TLDRs:
- SoFi dips 1.4% as investors anticipate early-2026 rate changes and economic releases.
- Fintech volatility rises, with Affirm, Upstart, and Robinhood also pulling back in year-end trading.
- Credit and deposits under scrutiny, as SoFi’s lending and banking operations face shifting expectations.
- Investors eye January data, including PMI and employment reports, for guidance on interest rates.
Shares of SoFi Technologies, Inc. (SOFI) closed down 1.4% at $26.18 on Wednesday, ending the final trading session of 2025 on a cautious note.
Trading ranged between $26.08 and $26.90, with approximately 34 million shares exchanging hands. U.S. markets were closed on Thursday for New Year’s Day.
The decline reflected a broader trend in thin, holiday-week trading, where investors took profits after a strong year. The S&P 500 fell 0.74% and the Nasdaq dropped 0.76% during the same session. Market observers noted that limited liquidity can amplify small moves.
“It’s perfectly fine in any bull market to have moments of cost,” said Giuseppe Sette, co-founder and president of Reflexivity, describing the impact of profit-taking on high-beta stocks.
Interest Rates and Economic Data in Focus
Investors are closely monitoring the outlook for U.S. interest rates as they approach early 2026. The 10-year Treasury yield rose to 4.163% on Wednesday, up 3.5 basis points after a decline in weekly jobless claims, signaling potential shifts in borrowing costs.

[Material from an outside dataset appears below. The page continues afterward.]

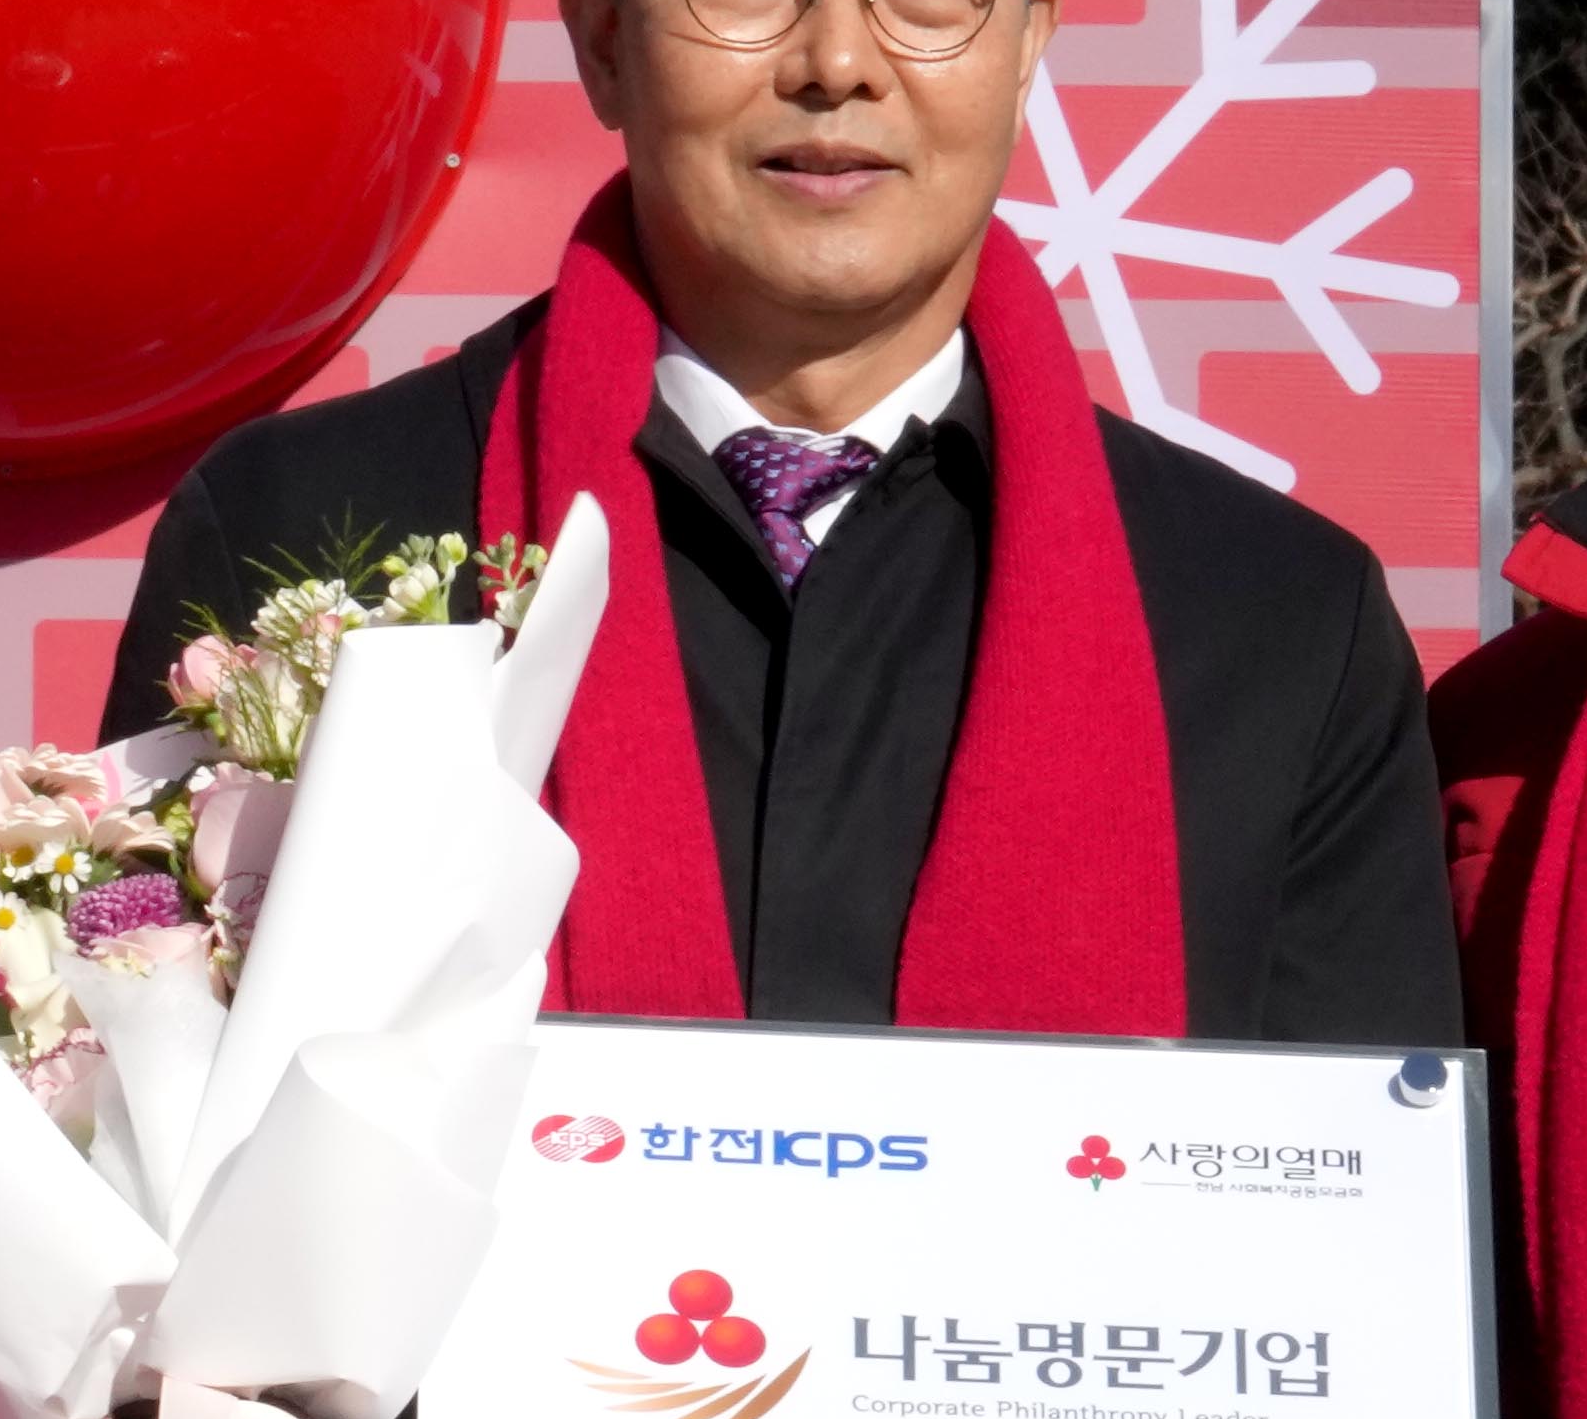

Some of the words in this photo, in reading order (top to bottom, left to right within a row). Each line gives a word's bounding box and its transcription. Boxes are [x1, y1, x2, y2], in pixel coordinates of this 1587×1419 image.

[1141, 1142, 1362, 1180] 사랑의열매
[852, 1315, 1330, 1399] 나눔명문기업
[851, 1394, 986, 1417] Corporate

The attention to yields is particularly relevant for SoFi because it operates both as a lender and a bank. Rising rates can pressure high-growth fintech valuations but may also benefit banking margins if deposit costs increase more slowly than lending yields, a dynamic known as net interest margin.
Other fintech peers mirrored SoFi’s decline in the session. Affirm fell 1.8%, Upstart dropped 2.7%, and Robinhood eased 2.1%, highlighting the sensitivity of these companies to investor risk appetite.
SoFi’s Business Expansion and Credit Performance
Originally a student-loan refinancing platform, SoFi has broadened into a comprehensive financial services app offering lending, investing, and deposit products. The company raised its 2025 profit forecast in October following strong third-quarter results, supported by fee-based revenue growth.
Investors heading into January are watching whether credit performance remains steady, particularly as personal-loan balances grow and delinquencies in consumer credit become more pronounced. Analysts also emphasize monitoring deposit growth and the performance of non-lending business lines, which can provide stability when lending slows.
From a technical perspective, traders will watch whether SOFI maintains levels above $26, a key intraday low, while resistance sits just below $27. These levels may guide investor sentiment in the coming sessions.
Early-January Economic Reports to Shape Outlook
January promises to be a critical month for SoFi investors. The Institute for Supply Management will release its December manufacturing PMI on Monday, January 5, and the Labor Department’s Bureau of Labor Statistics will report December employment figures on Friday, January 9. These releases are expected to influence interest rate expectations and overall market sentiment.
SoFi has not confirmed a date for its next earnings report, though Nasdaq’s calendar estimates January 26. Analysts anticipate that guidance on loan growth, credit costs, and fee-based revenue will be central to investor decision-making.
With liquidity returning after the holiday period, early economic data will likely recalibrate market expectations. High-beta fintech names like SoFi remain particularly sensitive to shifts in yields and broader risk appetite as 2026 begins.